Collected data
++++++

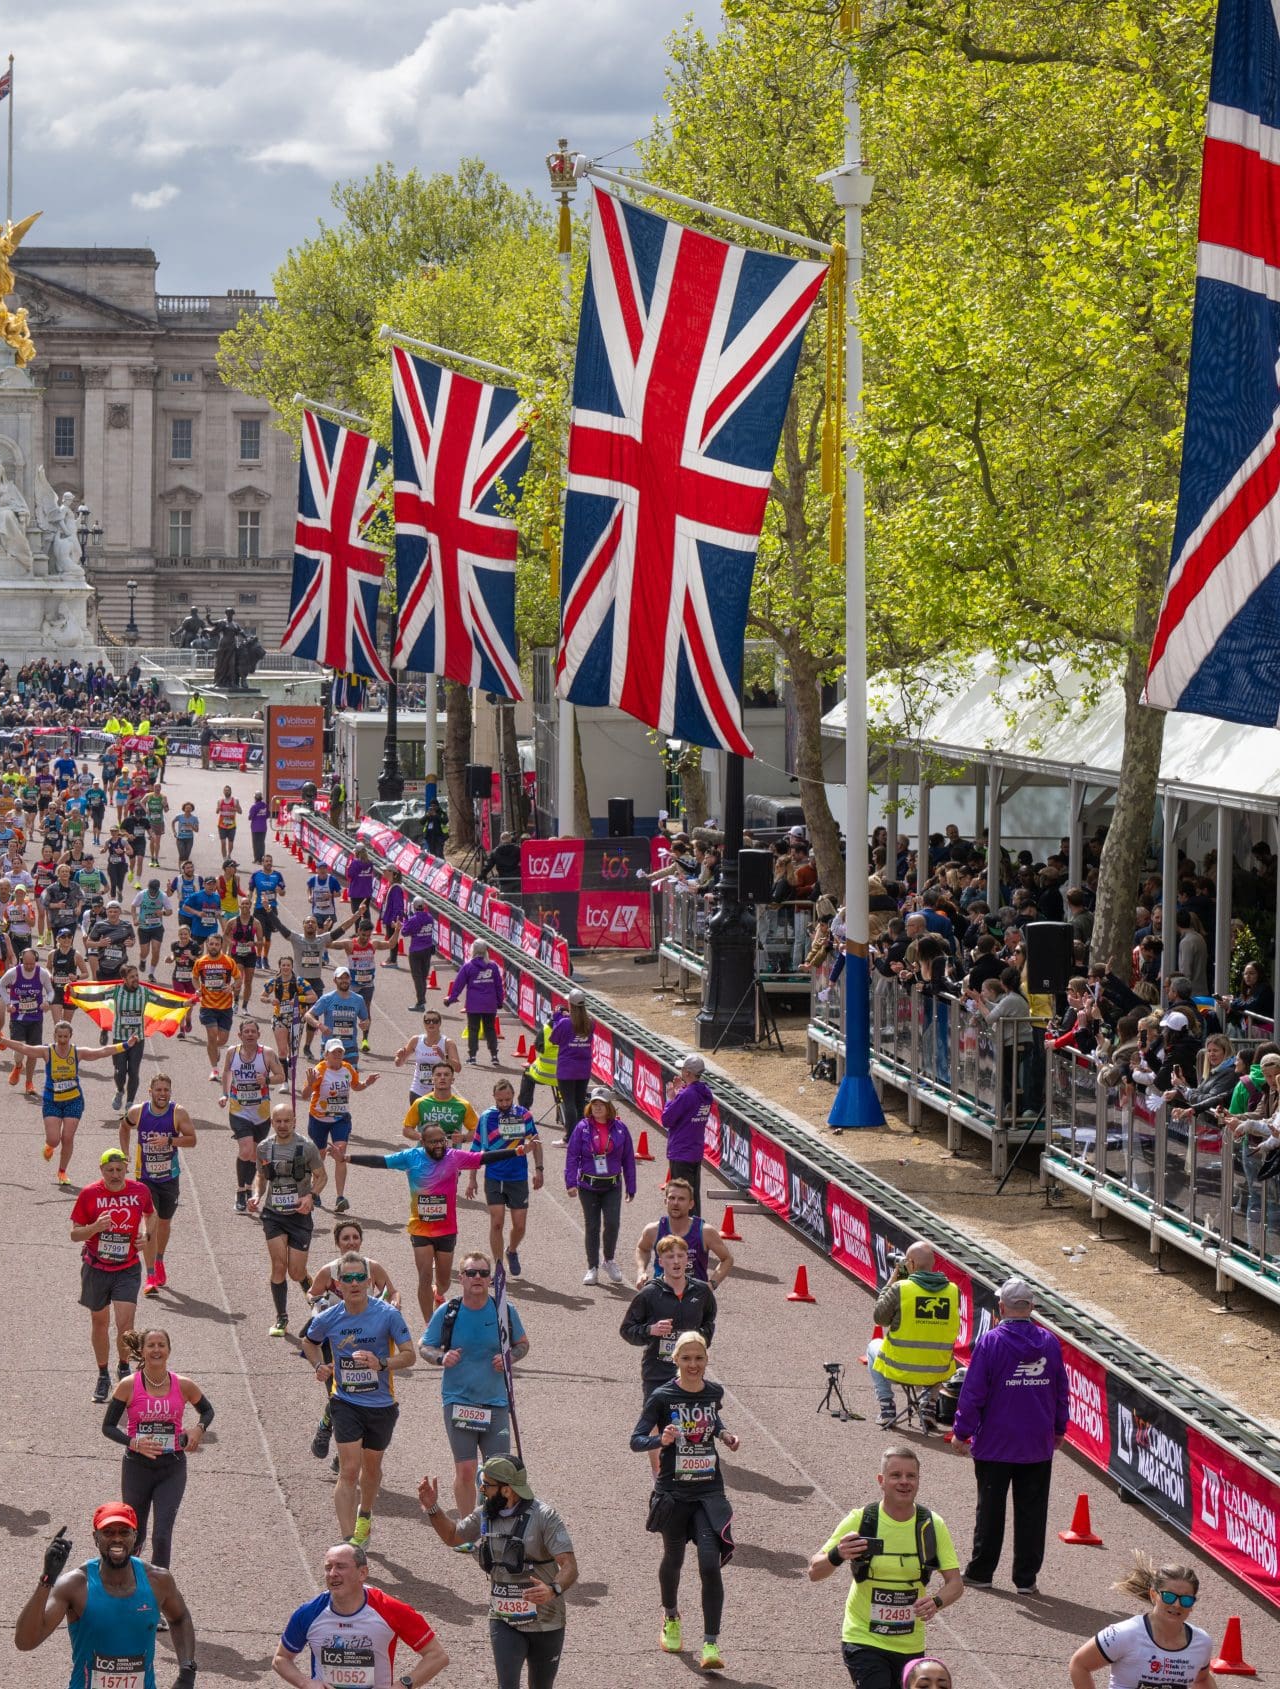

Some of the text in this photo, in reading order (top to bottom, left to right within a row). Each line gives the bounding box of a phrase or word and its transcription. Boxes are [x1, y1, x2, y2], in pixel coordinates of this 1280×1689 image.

[287, 716, 316, 725] Voltarol
[286, 759, 315, 768] Voltarol
[528, 854, 551, 876] tcs
[601, 852, 630, 879] tcs
[585, 905, 609, 928] tcs
[431, 1105, 453, 1114] ALEX
[424, 1112, 459, 1123] NSPCC
[96, 1195, 139, 1208] MARK
[1005, 1378, 1050, 1387] new balance
[1068, 1364, 1101, 1413] LONDON
[147, 1399, 170, 1414] LOU
[458, 1408, 486, 1421] 20529
[1067, 1395, 1104, 1444] RATHON
[1149, 1427, 1183, 1475] LONDON
[1138, 1446, 1185, 1508] MARATHON
[1235, 1486, 1276, 1544] LONDON
[1225, 1510, 1278, 1578] MARATHON
[874, 1590, 893, 1603] tcs
[497, 1600, 529, 1613] 24382
[878, 1607, 911, 1621] 12493
[96, 1656, 115, 1671] tcs
[324, 1650, 343, 1664] tcs
[1165, 1657, 1190, 1665] Cardiac
[330, 1670, 366, 1684] 10552
[1165, 1669, 1186, 1677] Young
[100, 1676, 138, 1689] 15717
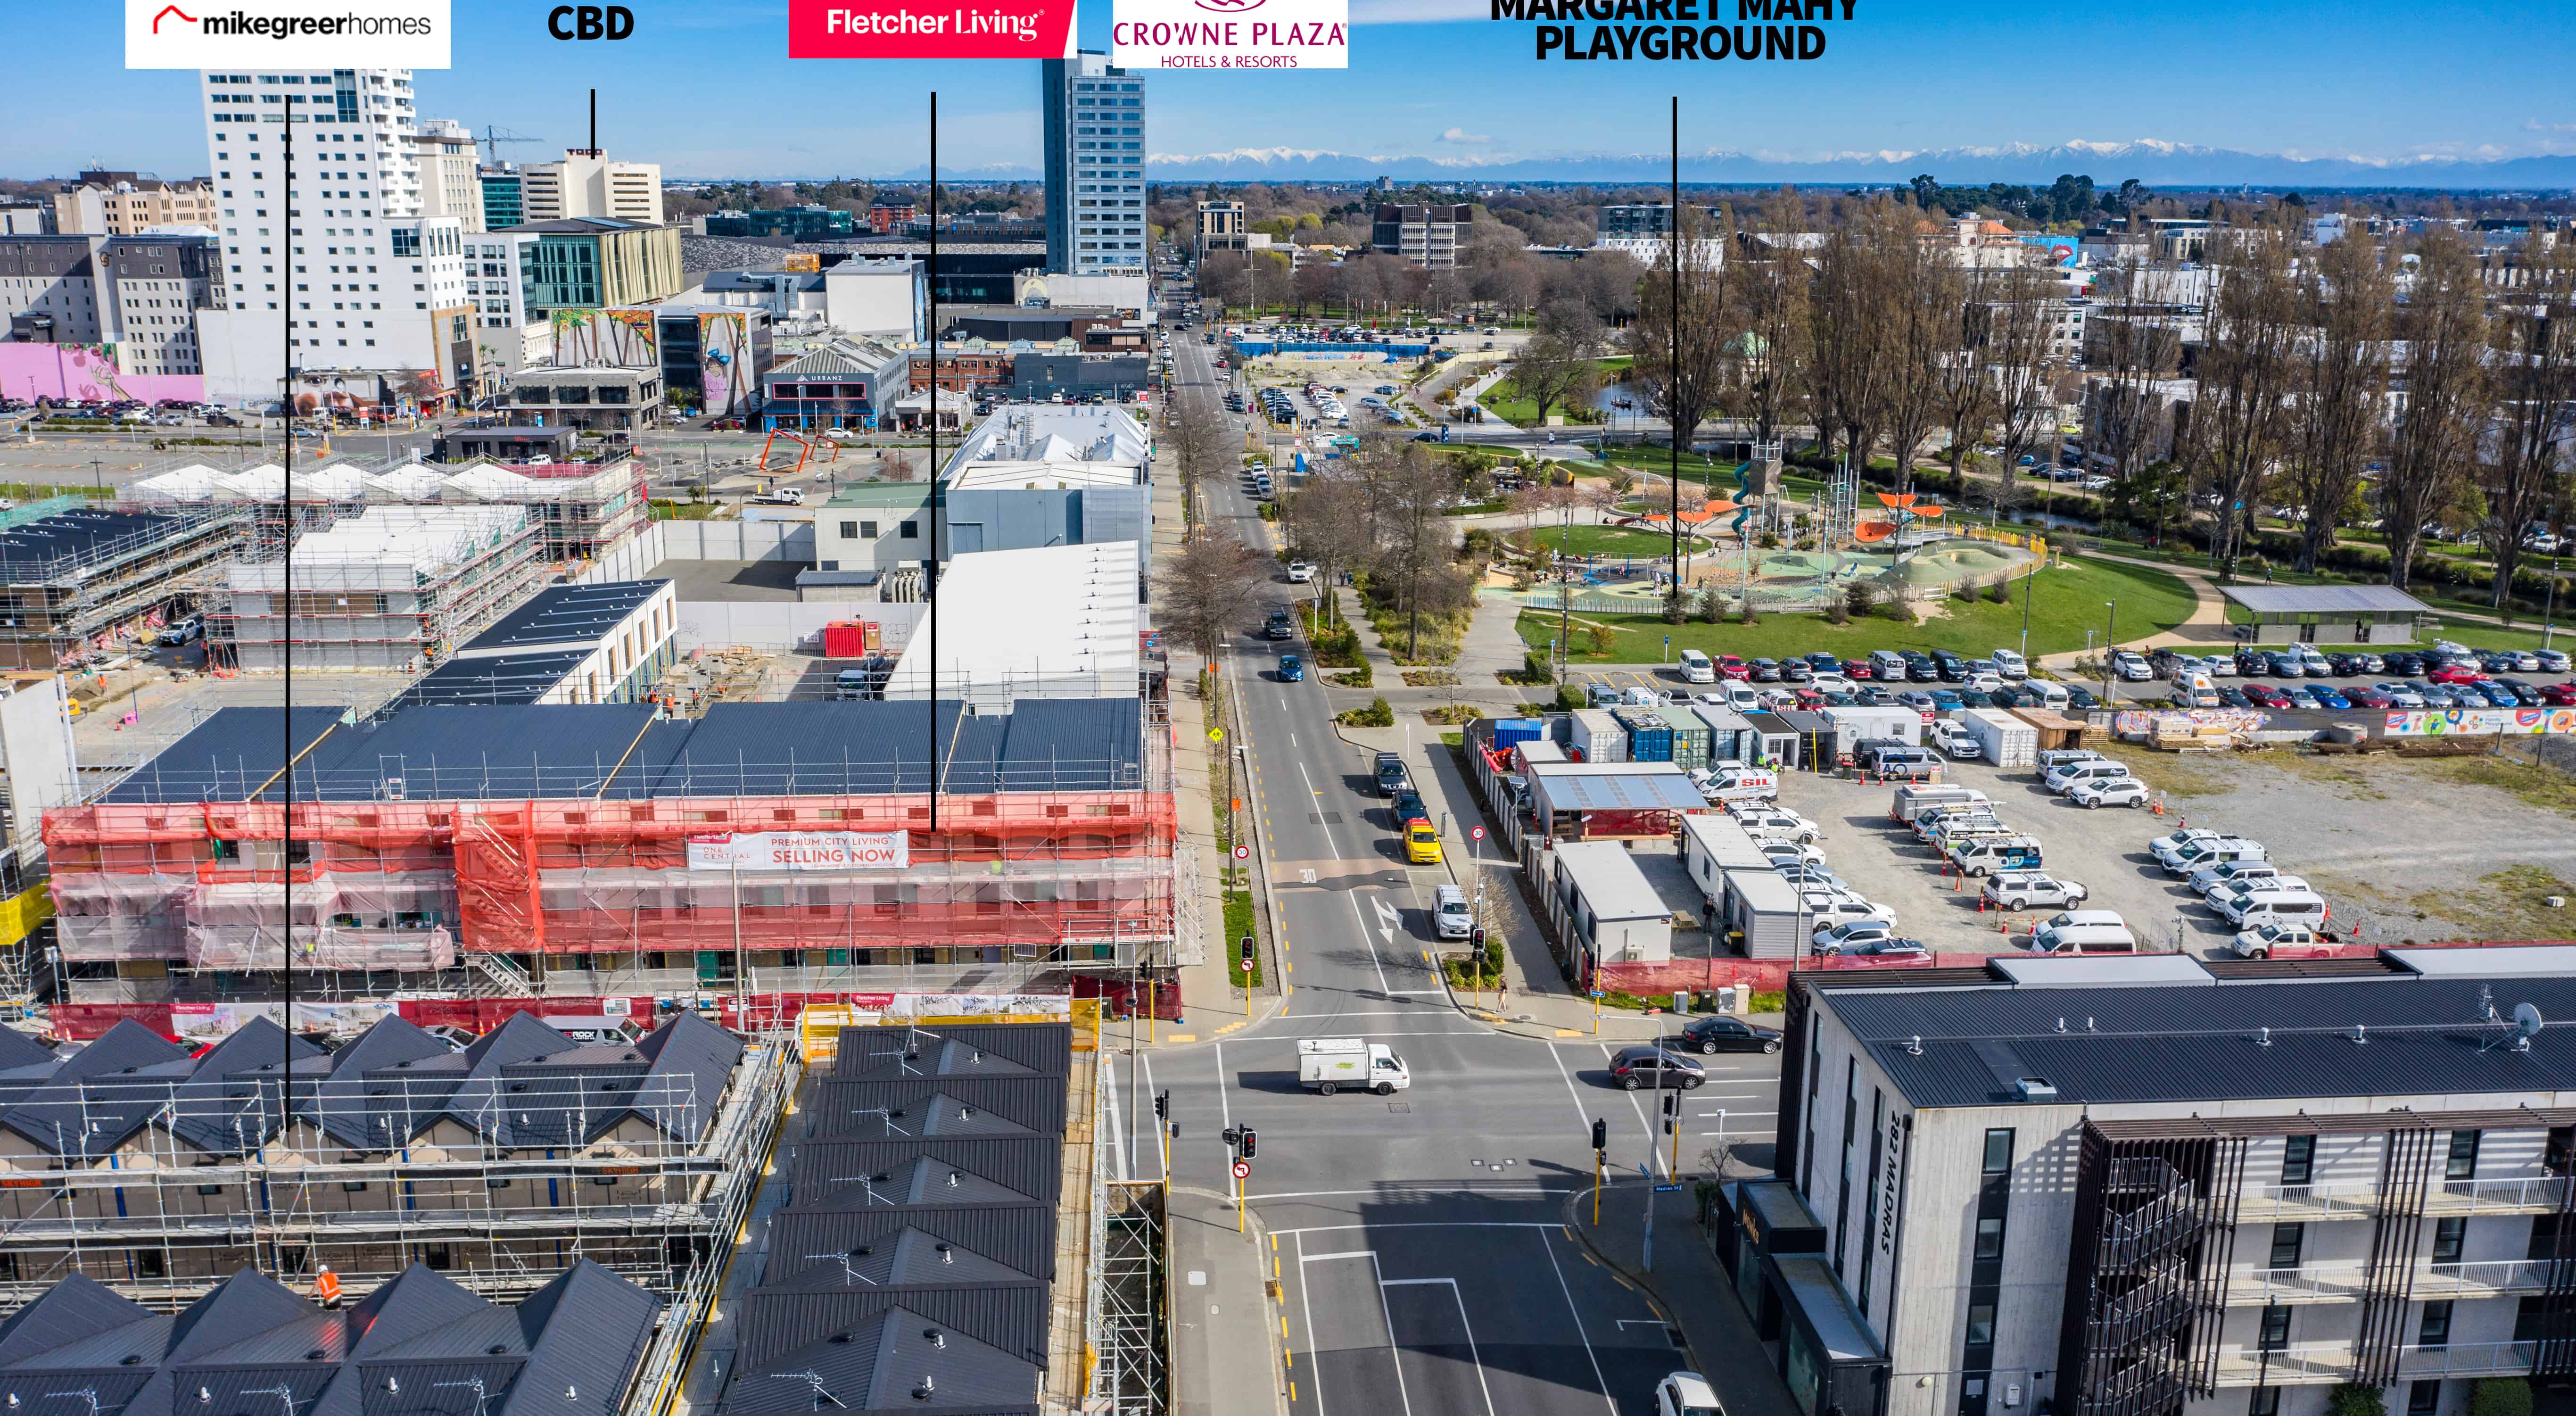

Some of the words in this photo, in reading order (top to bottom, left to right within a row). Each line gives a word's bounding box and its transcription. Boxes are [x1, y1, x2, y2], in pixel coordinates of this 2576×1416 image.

++++++

*Aim of the task:* Can you retype every record above exactly, leaving out the pictures?

*Exercise result:*
Some of the text in this photo, in reading order (top to bottom, left to right within a row). Each line gives the bounding box of a phrase or word and its transcription. Boxes are [x1, y1, x2, y2], in pixel coordinates of this 1280×1689 image.

[287, 716, 316, 725] Voltarol
[286, 759, 315, 768] Voltarol
[528, 854, 551, 876] tcs
[601, 852, 630, 879] tcs
[585, 905, 609, 928] tcs
[431, 1105, 453, 1114] ALEX
[424, 1112, 459, 1123] NSPCC
[96, 1195, 139, 1208] MARK
[1005, 1378, 1050, 1387] new balance
[1068, 1364, 1101, 1413] LONDON
[147, 1399, 170, 1414] LOU
[458, 1408, 486, 1421] 20529
[1067, 1395, 1104, 1444] RATHON
[1149, 1427, 1183, 1475] LONDON
[1138, 1446, 1185, 1508] MARATHON
[1235, 1486, 1276, 1544] LONDON
[1225, 1510, 1278, 1578] MARATHON
[874, 1590, 893, 1603] tcs
[497, 1600, 529, 1613] 24382
[878, 1607, 911, 1621] 12493
[96, 1656, 115, 1671] tcs
[324, 1650, 343, 1664] tcs
[1165, 1657, 1190, 1665] Cardiac
[330, 1670, 366, 1684] 10552
[1165, 1669, 1186, 1677] Young
[100, 1676, 138, 1689] 15717

Some of the words in this photo, in reading order (top to bottom, left to right within a row). Each line gives a word's bounding box and its transcription. Boxes are [x1, y1, x2, y2], in pixel coordinates of this 2576×1416 image.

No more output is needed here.